A second Order is received. The event handler should now REPLACE the original PickLists with one or more new PickLists optimized across both pending Orders.
This sounds to me like you are getting tangled trying to use a language that doesn't actually match the domain you are working in.
In particular, I don't believe that you would be having these modeling problems if the PickList "queue" was a real thing. I think instead there is an OrderItem collection that lives inside some aggregate, you issue commands to that aggregate to generate a PickList.
That is, I would expect a flow that looks like
onOrderPlaced(List<OrderItems> items)
warehouse.reserveItems(List<OrderItems> items)
// At this point, the items are copied into an unasssigned
// items collection. In other words, the aggregate knows
// that the items have been ordered, and are not currently
// assigned to any picklist
fire(ItemsReserved(items))
onPickListRequested(Id<Employee> employee)
warehouse.assignPickList(Id<Employee> employee, PickListOptimizier optimizer)
// PickListOptimizer is your calculation, rules, etc that know how
// to choose the right items to put into the next pick list from a
// a given collection of unassigned items. This is a stateless domain
// *domain service* -- it provides the query that the warehouse aggregate needs
// to figure out the right change to make, but it *doesn't* change
// the state of the aggregate -- that's the aggregate's responsibility
List<OrderItems> pickedItems = optimizer.chooseItems(this.unassignedItems);
this.unassignedItems.removeAll(pickedItems);
// This mockup assumes we can consider PickLists to be entities
// within the warehouse aggregate. You'd need some additional
// events if you wanted the PickList to have its own aggregate
Id<PickList> = PickList.createId(...);
this.pickLists.put(id, new PickList(id, employee, pickedItems))
fire(PickListAssigned(id, employee, pickedItems);
onPickListCompleted(Id<PickList> pickList)
warehouse.closePicklist(Id<PickList> pickList)
this.pickLists.remove(pickList)
fire(PickListClosed(pickList)
onPickListAbandoned(Id<PickList> pickList)
warehouse.reassign(Id<PickList> pickList)
PickList list = this.pickLists.remove(pickList)
this.unassignedItems.addAll(list.pickedItems)

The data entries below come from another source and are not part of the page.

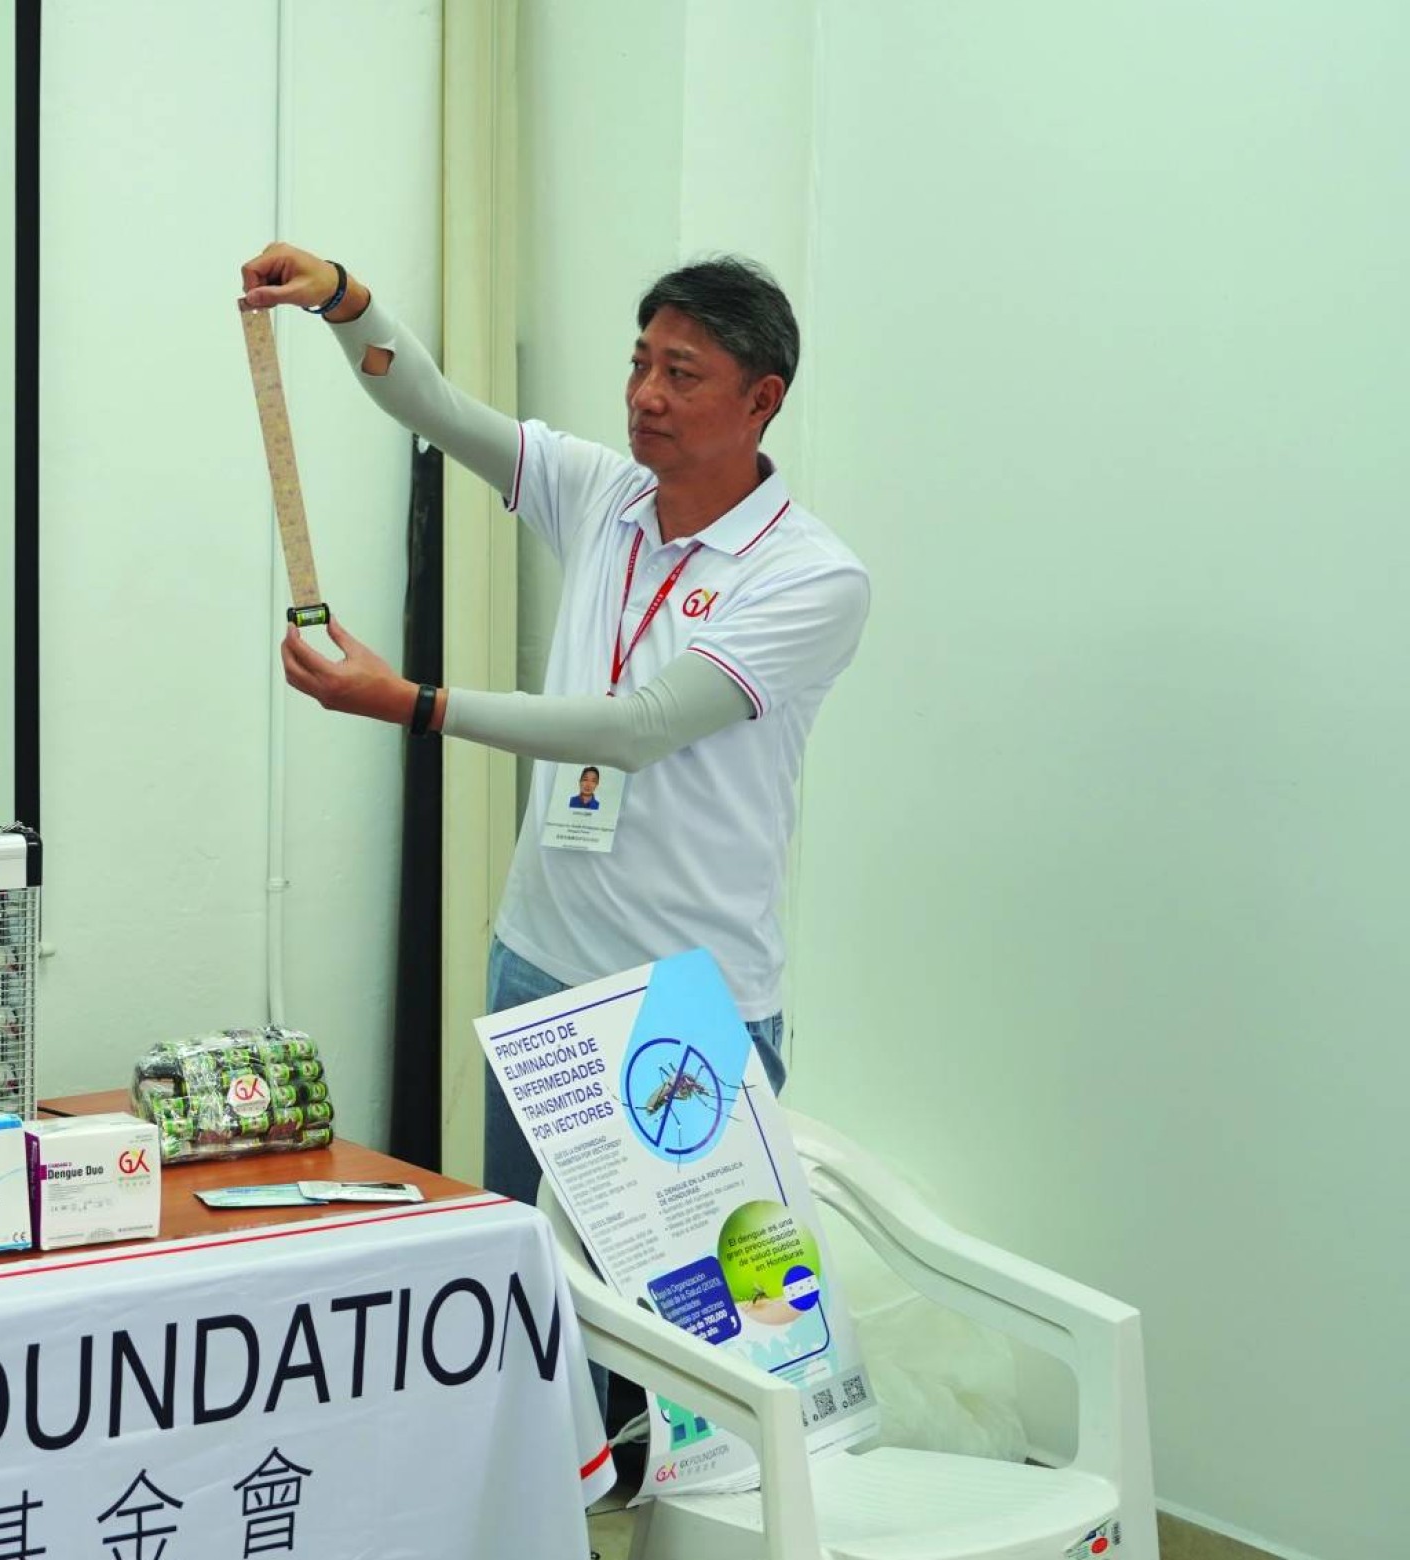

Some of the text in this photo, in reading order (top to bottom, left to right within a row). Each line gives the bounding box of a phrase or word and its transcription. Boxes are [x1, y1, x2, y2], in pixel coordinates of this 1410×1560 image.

[494, 1022, 578, 1060] PROYECTO DE
[503, 1037, 599, 1080] ELIMINACIÓN DE
[513, 1058, 606, 1101] ENFERMEDADES
[521, 1081, 604, 1120] TRANSMITIDAS
[531, 1100, 615, 1141] POR VECTORES
[47, 1168, 83, 1181] Dengue
[86, 1165, 104, 1176] Duo
[728, 1218, 793, 1247] El dengue es una
[738, 1257, 749, 1267] de
[750, 1249, 772, 1264] salud
[766, 1249, 805, 1268] Honduras
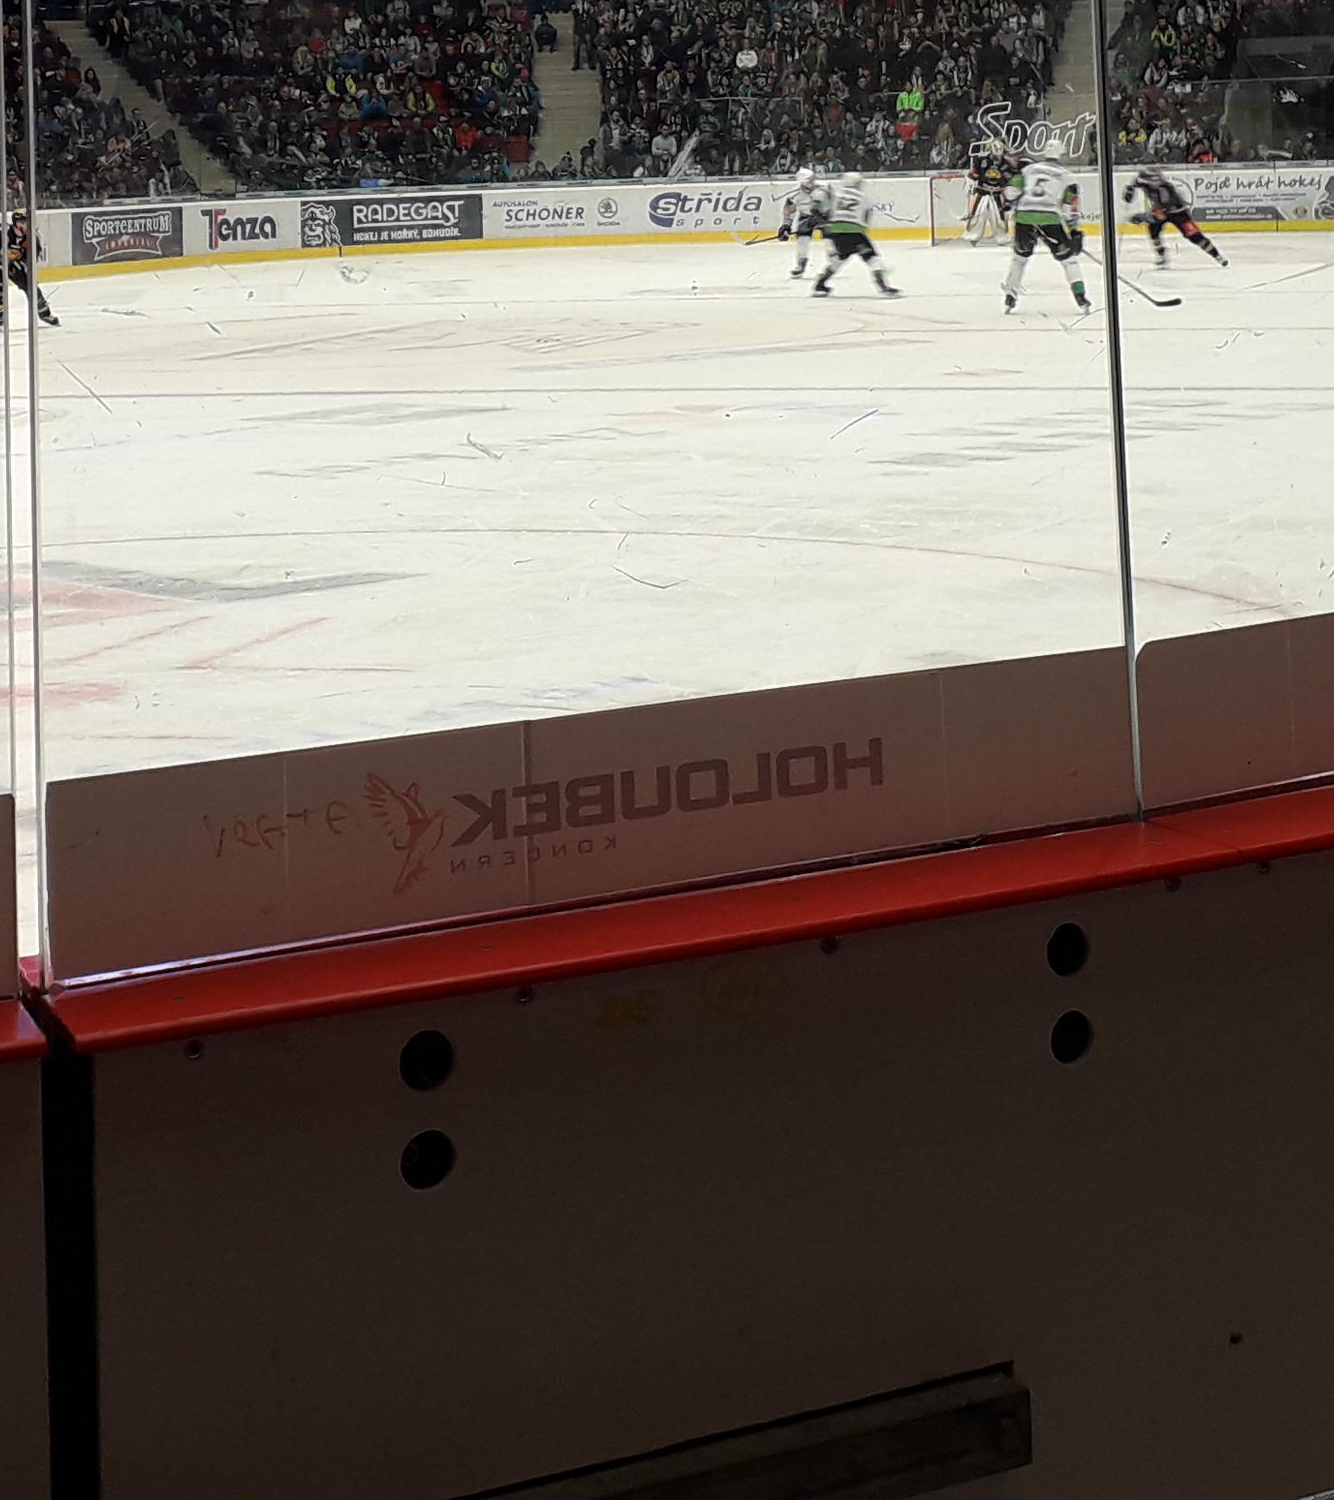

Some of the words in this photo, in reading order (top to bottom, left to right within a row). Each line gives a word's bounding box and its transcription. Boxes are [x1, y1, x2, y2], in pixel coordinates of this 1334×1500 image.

[1277, 173, 1323, 190] hokej
[85, 214, 170, 238] SPORTCENTRUM
[352, 200, 465, 229] RADEGAST
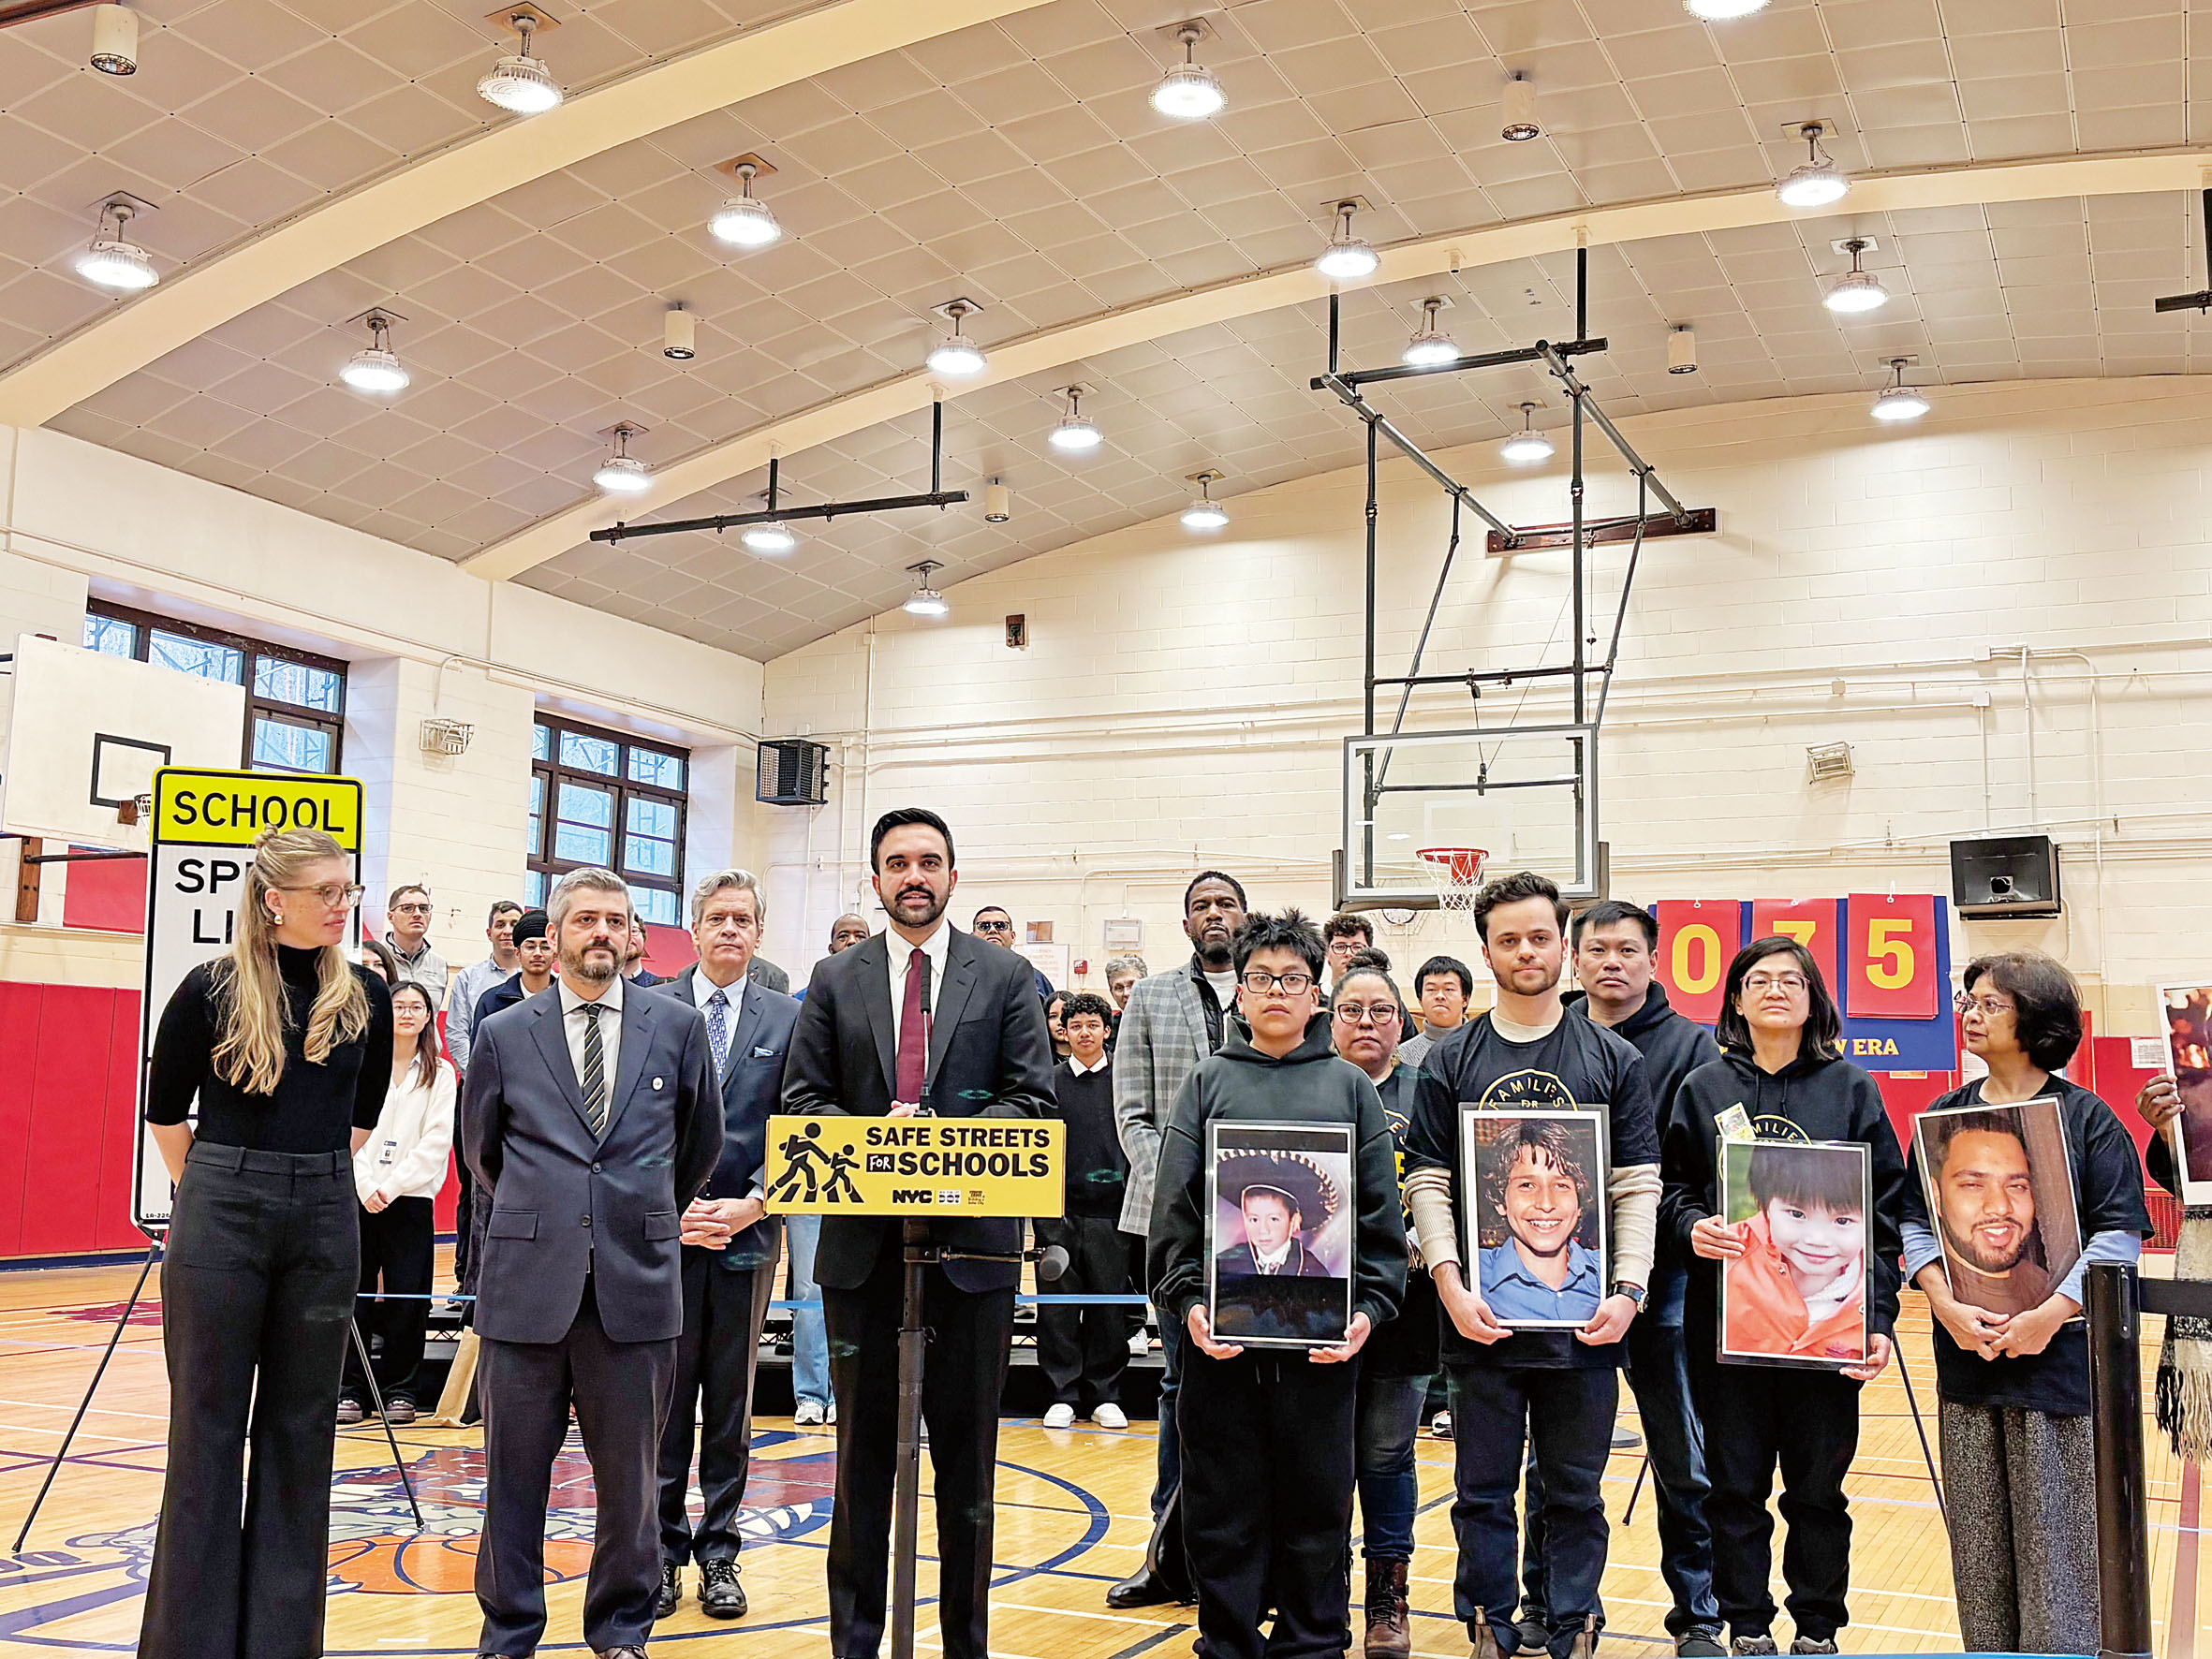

fire(ItemsReassigned(list.pickedItems)
Not great languaging -- I don't speak warehouse. But it covers most of your points: each time a new PickList is generated, it's being built from the latest state of pending items in the warehouse.
There's some contention - you can't assign items to a pick list AND change the unassigned items at the same time. Those are two different writes to the same aggregate, and I don't think you are going to get around that as long as the client insists upon a perfectly optimized picklist each time. It might be worth while to sit down with the domain experts and explore the real cost to the business if the second best pick list is assigned from time to time. After all, there's already latency between the placing the order and its arrival at the warehouse....
I don't really see what your specific question is. But the first thing that comes to mind is that pick list creation is not just a query but a full blown business concept that should be explicitly modeled. It then could be created with AssemblePicklist command for instance.
You seem to have two roles/processes and possibly also two aggregate roots - salesperson works with orders, warehouse worker with picklists.
AssemblePicklistsCommand() is triggered from order processing and recreates all currently unassigned picklists.
Warehouse worker fires a AssignPicklistCommand(userid) which tries to choose the most appropriate unassigned picklist and assign it to him (or doing nothing if he already has an active picklist). He could then use GetActivePicklistQuery(userid) to get the picklist, pick items with PickPicklistItemCommand(picklistid, item, quantity) and finally MarkPicklistCompleteCommand() to signal order he's done.
AssemblePicklist and AssignPicklist should block each other (serial processing, optimistic concurency?) but the relation between AssignPicklist and GetActivePicklist is clean - either you have a picklist assigned or you don't.